At the National Wild Horse and Burro Center at Palomino Valley, 1,412 wild horses captured during the recent Owyhee Complex helicopter roundup continue to be sorted and separated by sex and age.
At the center, located north of Reno, Nevada, family bands are destroyed. Horses are numbered and branded. Studs ages 1-older are gelded.
On Tuesday, some 200 foals stood or laid together in pens unsheltered from rain or snow — a situation failing to meet Bureau of Land Management’s own adoption requirements (pdf). Foals typically remain with their mothers until 6 months old, but humane observer Steve Paige said that it appeared some younger foals had been sorted.

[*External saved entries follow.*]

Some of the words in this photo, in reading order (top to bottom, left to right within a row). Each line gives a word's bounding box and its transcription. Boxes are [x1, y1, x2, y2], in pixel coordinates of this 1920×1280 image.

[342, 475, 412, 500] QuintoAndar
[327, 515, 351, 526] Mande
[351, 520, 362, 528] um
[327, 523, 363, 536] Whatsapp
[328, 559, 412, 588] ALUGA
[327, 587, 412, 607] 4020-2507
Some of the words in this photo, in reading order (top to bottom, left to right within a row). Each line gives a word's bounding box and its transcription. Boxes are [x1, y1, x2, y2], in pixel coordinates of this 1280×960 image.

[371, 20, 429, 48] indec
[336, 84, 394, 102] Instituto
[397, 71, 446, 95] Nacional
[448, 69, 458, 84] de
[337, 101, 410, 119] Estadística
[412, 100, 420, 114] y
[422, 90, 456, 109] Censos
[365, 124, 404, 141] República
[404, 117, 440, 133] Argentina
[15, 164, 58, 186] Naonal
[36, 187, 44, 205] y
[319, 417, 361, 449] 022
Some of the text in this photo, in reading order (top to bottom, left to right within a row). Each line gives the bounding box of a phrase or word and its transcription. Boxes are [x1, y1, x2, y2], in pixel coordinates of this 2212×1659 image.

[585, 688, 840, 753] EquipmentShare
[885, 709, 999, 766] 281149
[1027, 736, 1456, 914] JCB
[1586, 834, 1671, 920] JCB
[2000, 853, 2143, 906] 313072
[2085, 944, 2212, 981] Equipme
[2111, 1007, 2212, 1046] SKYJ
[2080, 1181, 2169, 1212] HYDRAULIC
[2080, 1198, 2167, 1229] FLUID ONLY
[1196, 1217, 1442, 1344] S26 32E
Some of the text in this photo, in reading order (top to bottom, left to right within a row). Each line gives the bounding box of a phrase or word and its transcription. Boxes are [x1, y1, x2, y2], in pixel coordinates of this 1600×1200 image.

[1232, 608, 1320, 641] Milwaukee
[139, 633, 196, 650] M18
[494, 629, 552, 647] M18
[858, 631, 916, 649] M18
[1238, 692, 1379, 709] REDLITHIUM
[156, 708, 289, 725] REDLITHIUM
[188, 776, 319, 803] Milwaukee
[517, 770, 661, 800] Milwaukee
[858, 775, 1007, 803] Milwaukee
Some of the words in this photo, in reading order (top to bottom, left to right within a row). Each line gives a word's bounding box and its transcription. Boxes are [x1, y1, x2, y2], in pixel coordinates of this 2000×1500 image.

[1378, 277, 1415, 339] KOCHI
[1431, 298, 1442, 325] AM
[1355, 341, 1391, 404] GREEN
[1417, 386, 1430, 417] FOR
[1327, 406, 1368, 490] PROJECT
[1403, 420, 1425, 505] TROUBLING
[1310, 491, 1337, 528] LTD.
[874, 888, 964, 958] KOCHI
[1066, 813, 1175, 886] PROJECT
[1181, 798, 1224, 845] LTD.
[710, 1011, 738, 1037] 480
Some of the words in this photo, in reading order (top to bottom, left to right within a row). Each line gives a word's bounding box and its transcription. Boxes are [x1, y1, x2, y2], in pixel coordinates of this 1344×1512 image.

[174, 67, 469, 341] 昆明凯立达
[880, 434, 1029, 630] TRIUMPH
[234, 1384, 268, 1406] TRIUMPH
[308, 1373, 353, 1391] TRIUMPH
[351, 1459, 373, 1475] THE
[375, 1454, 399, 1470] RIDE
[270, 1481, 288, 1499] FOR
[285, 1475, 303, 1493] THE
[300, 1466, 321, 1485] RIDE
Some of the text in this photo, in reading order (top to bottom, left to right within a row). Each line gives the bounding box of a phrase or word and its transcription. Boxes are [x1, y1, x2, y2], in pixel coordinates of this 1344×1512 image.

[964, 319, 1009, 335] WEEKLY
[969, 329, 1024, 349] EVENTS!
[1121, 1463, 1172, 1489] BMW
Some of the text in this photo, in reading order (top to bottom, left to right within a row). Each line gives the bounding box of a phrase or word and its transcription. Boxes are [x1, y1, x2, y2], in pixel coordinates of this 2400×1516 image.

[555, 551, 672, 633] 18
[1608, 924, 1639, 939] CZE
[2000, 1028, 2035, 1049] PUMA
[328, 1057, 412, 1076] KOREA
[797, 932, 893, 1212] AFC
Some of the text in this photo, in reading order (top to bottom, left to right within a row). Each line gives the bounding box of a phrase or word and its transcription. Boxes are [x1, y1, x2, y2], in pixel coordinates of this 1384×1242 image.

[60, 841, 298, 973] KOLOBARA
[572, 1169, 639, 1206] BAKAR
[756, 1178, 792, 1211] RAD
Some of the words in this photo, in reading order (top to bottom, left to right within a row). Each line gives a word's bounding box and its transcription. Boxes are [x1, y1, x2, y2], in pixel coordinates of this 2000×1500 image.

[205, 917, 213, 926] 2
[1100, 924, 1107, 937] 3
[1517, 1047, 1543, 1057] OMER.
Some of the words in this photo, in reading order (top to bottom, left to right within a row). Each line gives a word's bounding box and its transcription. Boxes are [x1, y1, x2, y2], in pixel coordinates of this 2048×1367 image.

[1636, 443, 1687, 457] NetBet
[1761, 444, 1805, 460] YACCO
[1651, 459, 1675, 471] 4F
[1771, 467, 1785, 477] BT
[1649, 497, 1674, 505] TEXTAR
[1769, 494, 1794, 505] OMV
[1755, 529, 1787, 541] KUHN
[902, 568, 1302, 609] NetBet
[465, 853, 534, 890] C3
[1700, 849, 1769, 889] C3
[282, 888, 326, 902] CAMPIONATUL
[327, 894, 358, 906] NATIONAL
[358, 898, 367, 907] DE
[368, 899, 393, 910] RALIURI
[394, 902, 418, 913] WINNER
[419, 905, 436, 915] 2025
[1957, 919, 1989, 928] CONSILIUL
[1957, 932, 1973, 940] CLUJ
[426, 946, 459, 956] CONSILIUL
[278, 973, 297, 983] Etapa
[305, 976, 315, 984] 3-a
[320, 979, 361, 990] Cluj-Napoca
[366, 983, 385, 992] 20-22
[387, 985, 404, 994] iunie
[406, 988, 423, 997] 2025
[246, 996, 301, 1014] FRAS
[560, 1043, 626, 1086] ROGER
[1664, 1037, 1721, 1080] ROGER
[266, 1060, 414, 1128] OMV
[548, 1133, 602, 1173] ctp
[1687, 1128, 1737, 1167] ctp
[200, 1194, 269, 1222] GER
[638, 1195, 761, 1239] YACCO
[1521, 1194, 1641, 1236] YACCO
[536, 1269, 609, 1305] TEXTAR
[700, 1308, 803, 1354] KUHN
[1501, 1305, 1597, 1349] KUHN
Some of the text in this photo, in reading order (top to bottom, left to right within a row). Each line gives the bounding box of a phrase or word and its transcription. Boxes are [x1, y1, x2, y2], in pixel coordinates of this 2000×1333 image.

The Owyhee roundup, one of the largest in recent memory, stretched from Nov. 2 to Dec. 2. According to BLM, 773 mares, 704 studs and 355 foals were captured.
Of those, 402 animals estimated to be ages 7-older were returned to the range, including 199 mares treated with PZP-22 fertility control vaccine. Eighteen horses died, including 14 that BLM said suffered from pre-existing conditions.
All of the recent captured wild horses at the center will be offered up for adoption by the BLM.
In August, Dean Bolstad, acting chief of the agency’s Division of Wild Horses and Burros, told the National Wild Horse and Burro Advisory Board that the total number of wild horses and burros adopted or sold, from all roundups, was on pace to reach 2,600 in 2016. The agency’s tentative roundup scheduled called for removing about 3,600 wild horses and burros from the range.
While it is BLM’s stated policy not to sell to kill buyers, the fate of wild horses once removed from the range always remains of grave concern.
Unadopted wild horses are to live among the more than 45,000 others in off-range facilities.
BLM justified the Owyhee roundup by saying that wild horse populations in three Horse Management Areas exceeded Appropriate Management Levels and that sage-grouse habitat was being “negatively impacted by the over populations (sic) of wild horses.”
The agency also extended the roundup by a day. On Dec. 2, its contractor captured an additional 229 wild horses from nearby private land “to relieve pressure on forage and provide for public safety” near a road that leads to a mine.
By BLM’s estimate, about 1,300 wild horses combined will remain on the Owyhee, Little Owyhee and Rock Creek Horse Management Areas after the roundup.
Seven operators graze livestock on BLM land in the area. They are allotted a combined 127,000 Animal Unit Months (an AUM equals the amount of forage needed to sustain one cow for one month). By comparison, wild horses were using an estimated 27,224 AUMs before the roundup — 15,217 more than the agency allows for the area’s wild horses.